Section 126 of the MRTP Act does not provide for the lapsing of the acquisition. On the other hand, the acquisition, notwithstanding the default to act in terms of sub-section (2) of that Section can be proceeded with by issuing a fresh declaration and the compensation has to be determined with reference to the date of that fresh declaration. Section 127 provides for lapsing of reservations. Since interpretation of Section 127 is also involved we think it proper to extract the said provision.
127. If any land reserved, allotted or designated for any purpose specified in any plan under this Act is not acquired by agreement within ten years from the date on which a final Regional plan, or final Development plan comes into force or if proceedings for the acquisition of such land under this Act or under the Land Acquisition Act, 1894, are not commenced within such period, the owner or any person interested in the land may serve notice on the Planning Authority, Development Authority or as the case may be, Appropriate Authority to that effect; and if within six months from the date of the service of notice of such notice, the land is not acquired or no steps as aforesaid are commenced for its acquisition, the reservation, allotment or designation shall be deemed to be released from such reservation, allotment or designation and shall become available to the owner for the purpose of development as otherwise, permissible in the case of adjacent land under the relevant plan.
10. The reservations are provided by the Act for a period of ten years. If the land is not acquired within a period of ten years by agreement of parties or if proceedings for acquisition of the land are not commenced within ten years, the owner could serve a notice on the planning authority or the development authority and if within six months from the date of the service of such notice the land is not acquired or no steps are commenced for its acquisition, the reservation, allotment or designation shall be deemed to have lapsed and the land shall be deemed to be released from such purpose, allotment or designation and shall become available to the owner for the purpose of development as permissible in the case of lands lying adjacent to the land in question under the relevant plan. In other words, if the reservation lapses, the land owner could use the land for the purposes for which the adjacent lands are permitted to be used under the development plan or revised plan.

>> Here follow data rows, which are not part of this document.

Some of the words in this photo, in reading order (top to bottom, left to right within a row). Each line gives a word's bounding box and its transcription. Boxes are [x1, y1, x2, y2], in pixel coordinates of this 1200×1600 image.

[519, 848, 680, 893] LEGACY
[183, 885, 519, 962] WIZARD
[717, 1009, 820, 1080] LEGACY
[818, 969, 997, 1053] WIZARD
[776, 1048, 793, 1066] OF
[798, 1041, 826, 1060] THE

11. This section also does not appear to deal with lapsing of any acquisition for which steps have been taken in terms of Section 126 of the MRTP Act by applying to the State Government for acquiring the land for the purpose for which it is reserved in the plan. But this Section contemplates the lapsing of reservation itself if the conditions laid down thereunder are not complied with. If no acquisition is made within 10 years of the notification under Section 125 of the Act, the land owner is given the right to issue a notice calling upon the authority to acquire the land for the purpose for which it is earmarked in the plan. If on service of such a notice no steps for acquisition are taken within six months, the reservation would lapse. This section also does not contemplate a lapse of the acquisition as such. Section 128 confers power on the State Government to acquire land for a purpose other than the one for which it is designated in any plan or scheme. Section 129 confers power to take possession of the land in case of urgency at any time after the declaration under Section 126(2) of the Act is notified, on condition that before taking possession, the Collector has to offer to the person interested, compensation as provided in that section.

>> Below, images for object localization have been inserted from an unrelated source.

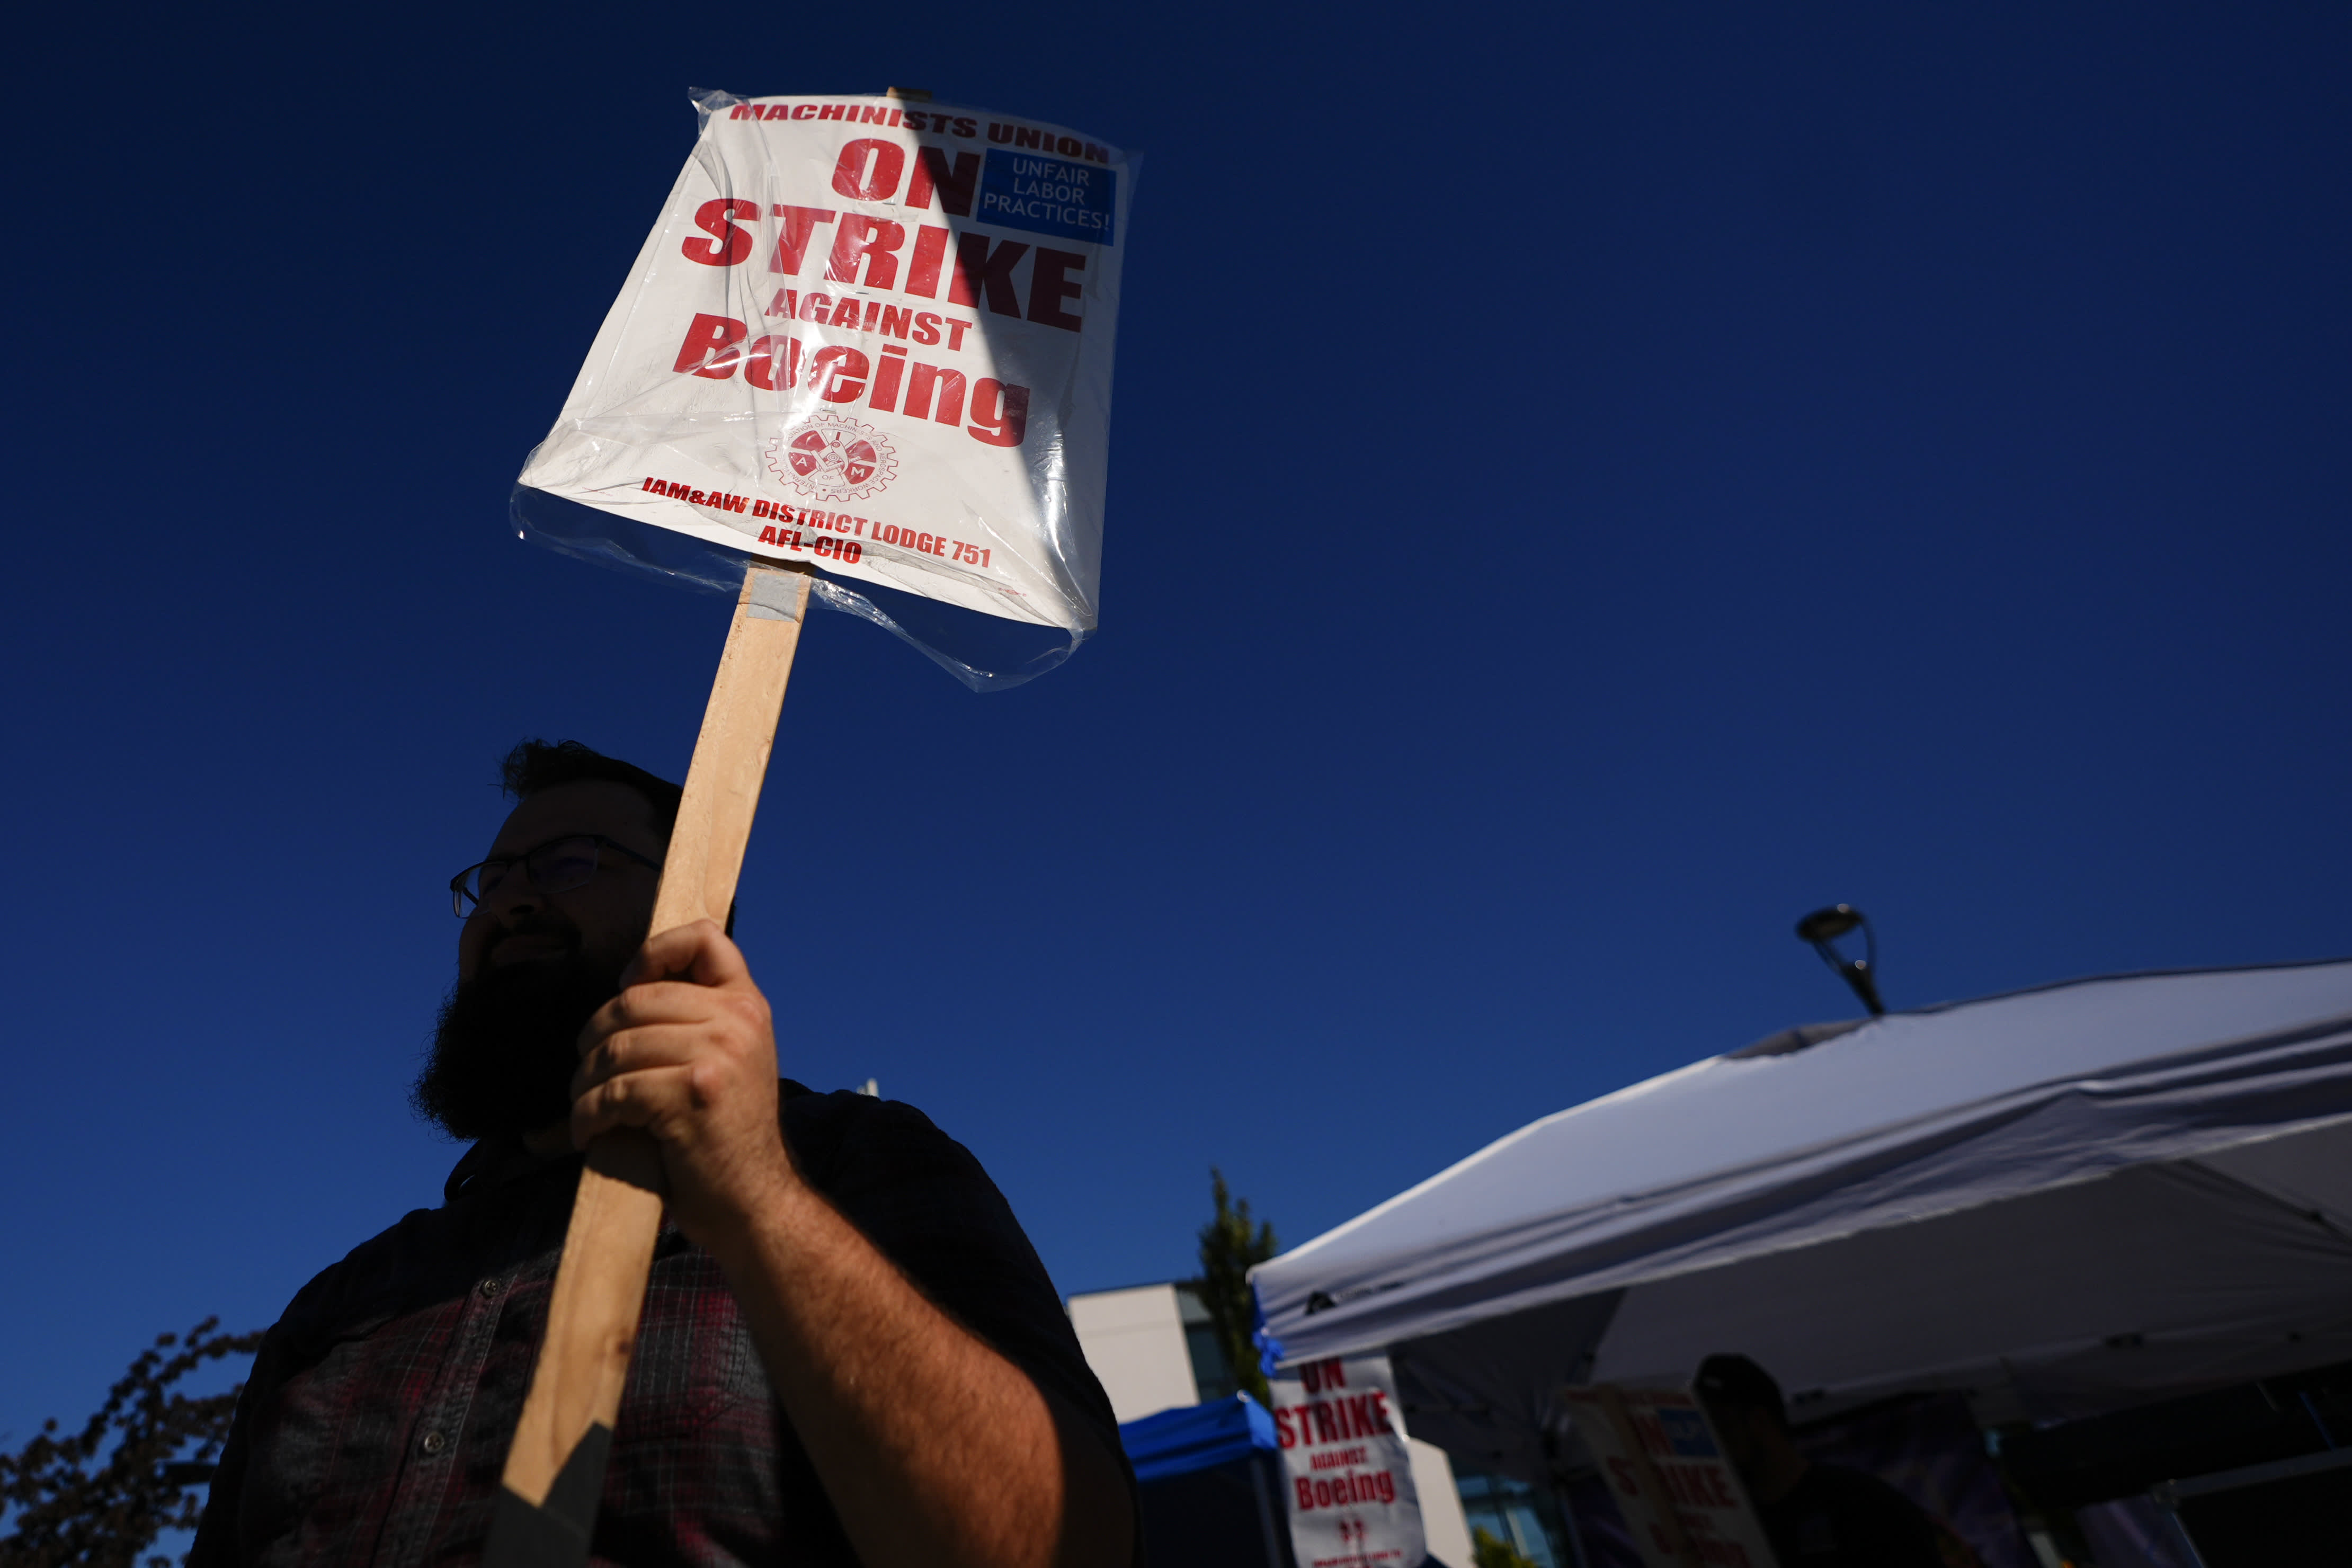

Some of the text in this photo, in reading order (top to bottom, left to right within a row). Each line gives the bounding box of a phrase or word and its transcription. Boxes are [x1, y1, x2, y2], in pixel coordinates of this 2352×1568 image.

[729, 104, 1109, 164] MACHINISTS UNION
[831, 138, 981, 217] ON
[1012, 156, 1090, 186] UNFAIR
[1013, 177, 1085, 206] LABOR
[983, 192, 1111, 232] PRACTICES!
[681, 198, 1086, 333] STRIKE
[764, 289, 972, 352] AGAINST
[672, 312, 1031, 448] Boeing
[795, 457, 808, 467] A
[850, 466, 866, 478] M
[869, 453, 887, 485] AEROSPACE
[831, 483, 870, 494] WORKERS
[641, 477, 991, 568] IAM&AW DISTRICT LODGE 751
[758, 524, 862, 565] AFL-CIO
[1276, 1393, 1394, 1448] STRIKE
[1296, 1471, 1394, 1509] Boeing

12. On an analysis of the provisions in the context of the questions that are before us, what emerges is that the publication of the plan with the reservation therein itself operates as a notification like the one under Section 4(1) of the Land Acquisition Act, that a declaration has to be made akin to a declaration under Section 6 of the Land Acquisition Act, the compensation has to be paid not with reference to the date of the notification under Section 125 of the Act but with reference to the date of declaration under Section 126 of the MRTP Act and that a declaration under Section 126 of the Act had to be made within one year of the application for acquisition made by the authority under the MRTP Act. But in case the declaration was not so made, a fresh declaration has to be issued and compensation has to be paid with reference to the date of the fresh declaration and the authority had also the power to take prior possession in case of urgency on the conditions stipulated under Section 129 of the MRTP Act. The MRTP Act provides for lapsing of reservations but does not provide for lapsing of the acquisition. The reservation lapses on the expiry of ten years and on the expiry of six months after a purchase notice is issued by the owner of the land unless steps are taken in the meanwhile to proceed with the acquisition. If there is no agreement regarding compensation and acquisition then the State Government has to be approached for acquiring such land under the Land Acquisition Act, 1894.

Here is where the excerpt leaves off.